■ Entries provided ■
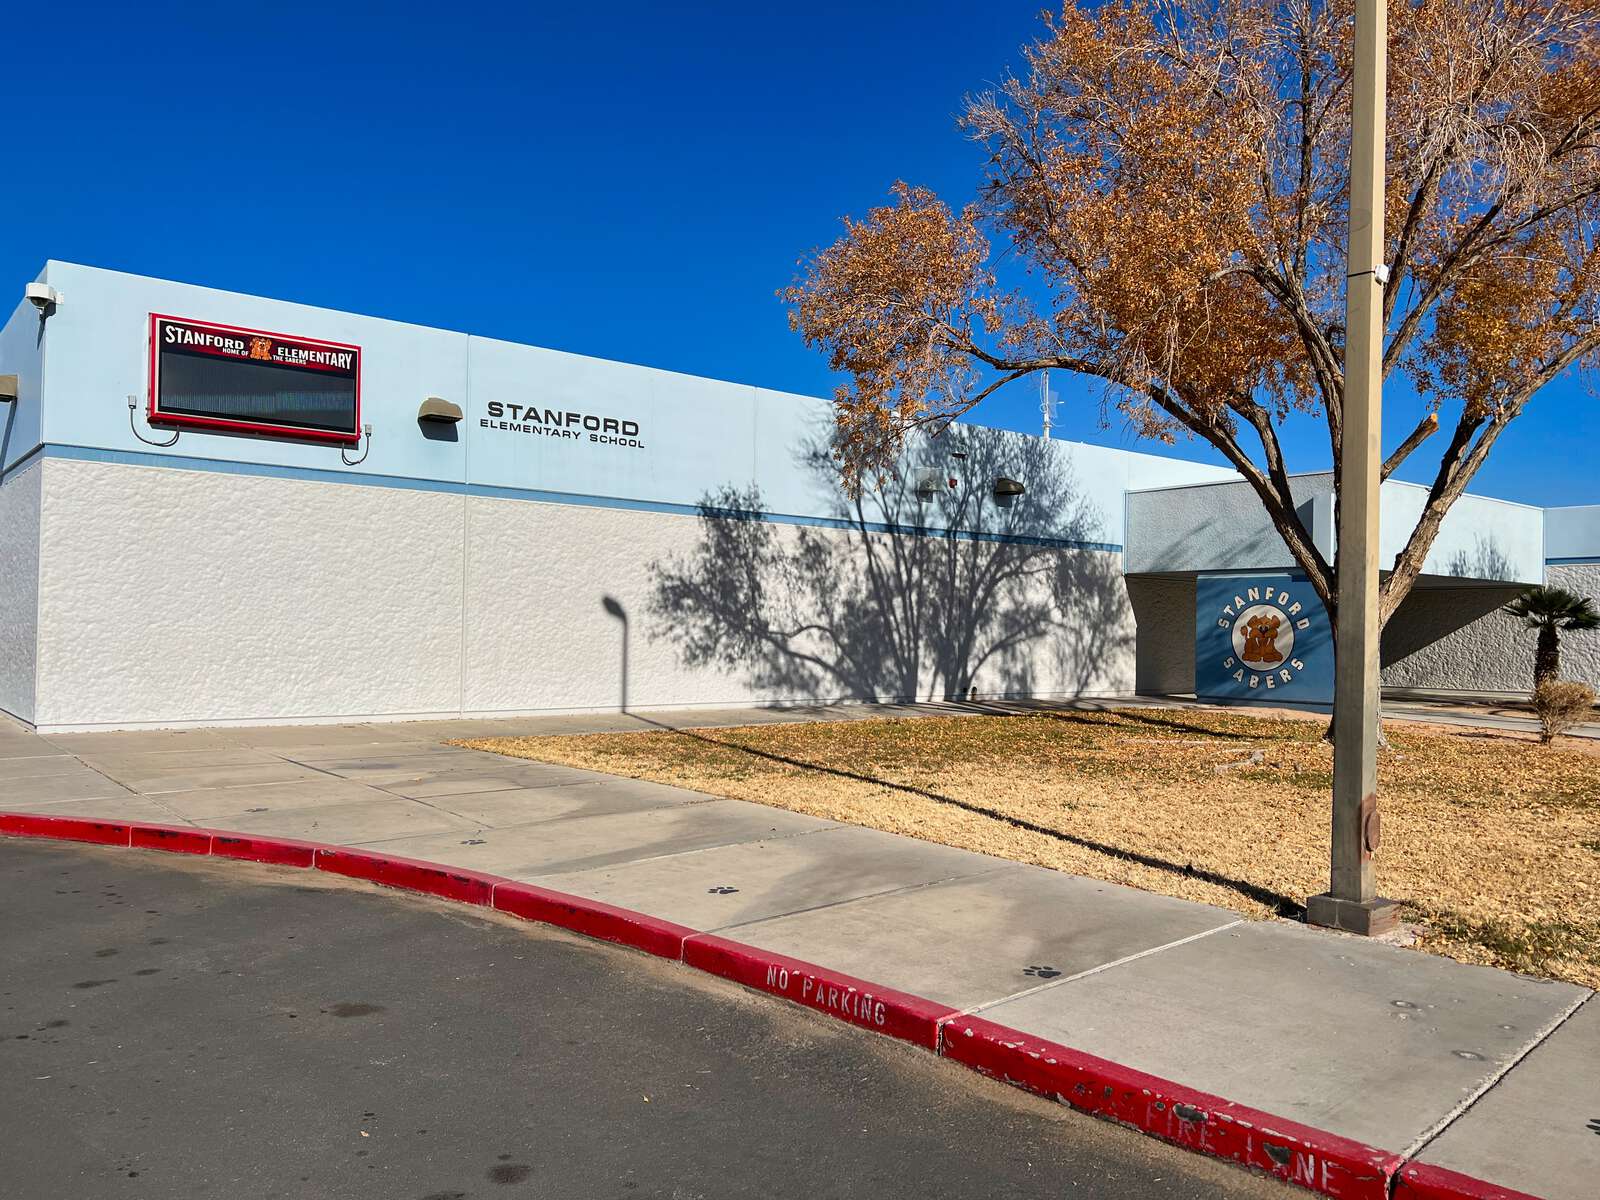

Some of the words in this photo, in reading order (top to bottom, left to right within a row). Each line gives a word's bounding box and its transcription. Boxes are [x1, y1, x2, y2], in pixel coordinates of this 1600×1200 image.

[165, 325, 245, 350] STANFORD
[277, 346, 353, 370] ELEMENTARY
[222, 347, 240, 355] HOME
[241, 349, 249, 357] OF
[272, 354, 284, 362] THE
[284, 356, 307, 365] SABERS
[479, 418, 581, 440] ELEMENTARY
[589, 433, 645, 449] SCHOOL
[487, 401, 640, 437] STANFORD
[1217, 586, 1310, 630] STANFORD
[1223, 656, 1304, 689] SABERS
[766, 964, 789, 991] NO
[802, 975, 886, 1026] PARKING
[1246, 1132, 1342, 1194] LNE

■ Work instruction ■
Working from the material above, transcribe it exactly while omitting pictures.

■ Solution for this exercise ■
Some of the words in this photo, in reading order (top to bottom, left to right within a row). Each line gives a word's bounding box and its transcription. Boxes are [x1, y1, x2, y2], in pixel coordinates of this 1600×1200 image.

[165, 325, 245, 350] STANFORD
[277, 346, 353, 370] ELEMENTARY
[222, 347, 240, 355] HOME
[241, 349, 249, 357] OF
[272, 354, 284, 362] THE
[284, 356, 307, 365] SABERS
[479, 418, 581, 440] ELEMENTARY
[589, 433, 645, 449] SCHOOL
[487, 401, 640, 437] STANFORD
[1217, 586, 1310, 630] STANFORD
[1223, 656, 1304, 689] SABERS
[766, 964, 789, 991] NO
[802, 975, 886, 1026] PARKING
[1246, 1132, 1342, 1194] LNE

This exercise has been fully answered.